An interesting aspect about my disease progression has been looking back in retrospect at symptoms throughout my life that pointed toward this eventuality. I’ve never been completely healthy, and have gone through a lifetime of doctors telling me to just wait and see because nothing was readily apparent. I can’t blame them, who could have seen this coming?

One such story occurred a few months before I finally fell sick. I was meeting some family on a trail at Elk Reservoir when around a mile in I felt like someone had stolen the wind from my lungs. This has had happened once before when I was in Joplin, and I was assured that it likely had to do with my asthma. However, I have had asthma my entire life, and both in Joplin and on that trail I knew this was something else. It was like trying to breathe through a dense fog. With my phone dying, I managed to call EMT services and tell them my location. They helped me get off of the trail with oxygen, while it felt like it took everything I had to stay upright. Once again I told those around me that it wasn’t asthma. This was something else…

Fast forward to half a year later.

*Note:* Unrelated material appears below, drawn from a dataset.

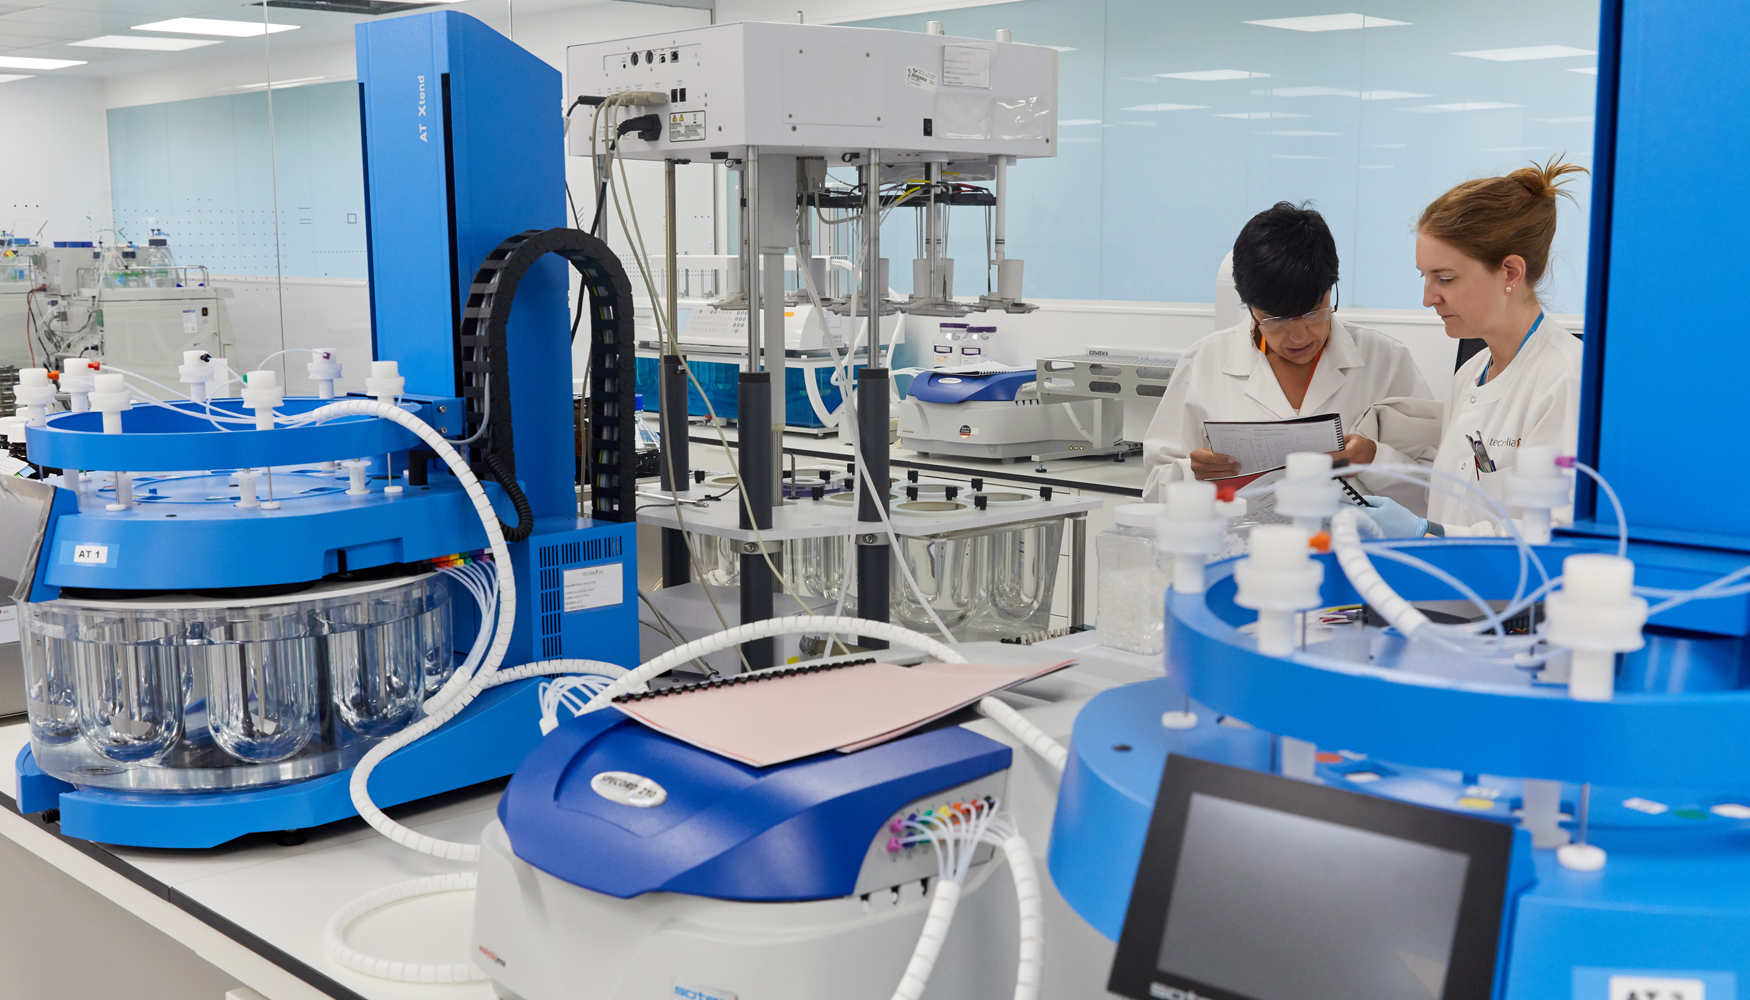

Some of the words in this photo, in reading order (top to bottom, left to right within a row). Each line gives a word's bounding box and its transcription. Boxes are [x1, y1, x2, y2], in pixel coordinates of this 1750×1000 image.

Two months after the reservoir, I had been diagnosed with dermatomyositis, and now I had spent several months battling the onslaught of symptoms while trying to maintain school work. In January of 2014, the same breathing phenomenon I had experienced only a couple of times before returned…and never left. For the last year and a half I have felt like I’ve been trying to catch my breath. Initially I visited the ER often, which carries with it its own set of problems because eventually you come across as a drug seeker or someone wasting their time. But not being able to breathe is a feeling that is much more difficult to control mentally than pain or skin problems.

Some of my doctors came to the conclusion that my thoracic muscles, like the rest of my body, have been weakened. Because of this, the motion of breathing in and out is simply too tiring for me to maintain. Of course, you can’t stop breathing to rest so finding a solution to this has come to the forefront of my battle. This feeling of losing air has been the single greatest factor on pressing pause in my life. For example, I cannot travel because it is difficult to stay calm when breathing gets worse, and I don’t want to be in that situation on the highway, and I haven’t been able to finish a complete semester on campus because of the difficulties of getting to class without feeling like I need to collapse.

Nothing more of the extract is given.